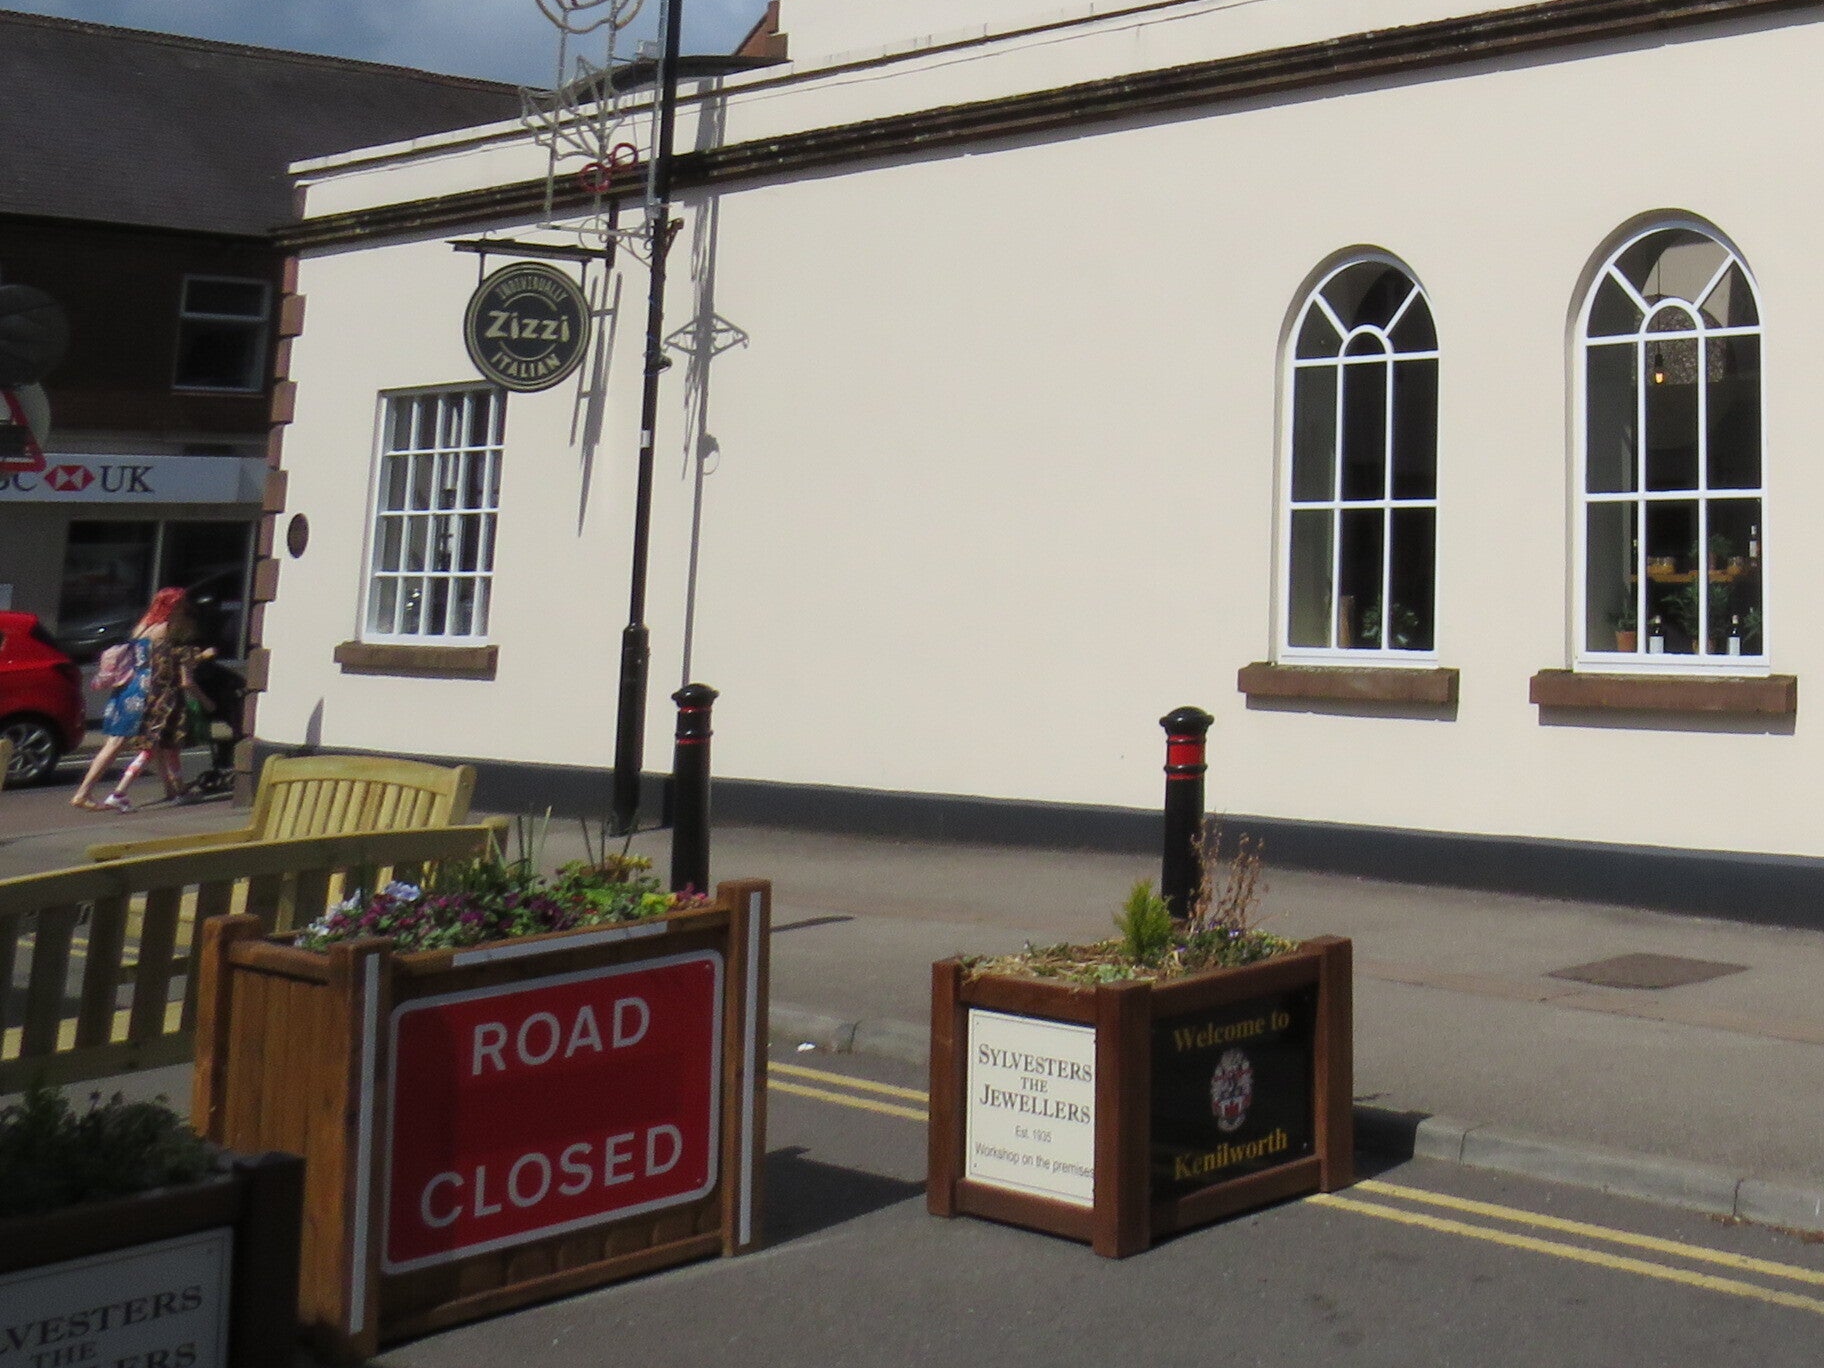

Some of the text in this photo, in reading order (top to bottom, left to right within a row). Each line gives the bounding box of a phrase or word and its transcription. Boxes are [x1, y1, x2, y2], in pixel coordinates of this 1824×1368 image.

[496, 275, 570, 303] INDIVIDUALLY
[484, 310, 571, 343] Zizzi
[490, 351, 561, 378] ITALIAN
[100, 465, 155, 494] UK
[471, 996, 651, 1076] ROAD
[1174, 1010, 1290, 1052] Welcome to
[978, 1043, 1093, 1083] SYLVESTERS
[1020, 1076, 1048, 1093] THE
[979, 1083, 1091, 1124] JEWELLERS
[975, 1141, 1020, 1164] Workshop
[1021, 1153, 1034, 1166] on
[1036, 1154, 1051, 1170] the
[1174, 1127, 1289, 1181] Kenilworth
[419, 1124, 684, 1229] CLOSED

────────

## YOUR GOAL
Apart from the pictures, all of the data should be repeated exactly.

## OUTPUT OF THE EXERCISE
Some of the text in this photo, in reading order (top to bottom, left to right within a row). Each line gives the bounding box of a phrase or word and its transcription. Boxes are [x1, y1, x2, y2], in pixel coordinates of this 1824×1368 image.

[496, 275, 570, 303] INDIVIDUALLY
[484, 310, 571, 343] Zizzi
[490, 351, 561, 378] ITALIAN
[100, 465, 155, 494] UK
[471, 996, 651, 1076] ROAD
[1174, 1010, 1290, 1052] Welcome to
[978, 1043, 1093, 1083] SYLVESTERS
[1020, 1076, 1048, 1093] THE
[979, 1083, 1091, 1124] JEWELLERS
[975, 1141, 1020, 1164] Workshop
[1021, 1153, 1034, 1166] on
[1036, 1154, 1051, 1170] the
[1174, 1127, 1289, 1181] Kenilworth
[419, 1124, 684, 1229] CLOSED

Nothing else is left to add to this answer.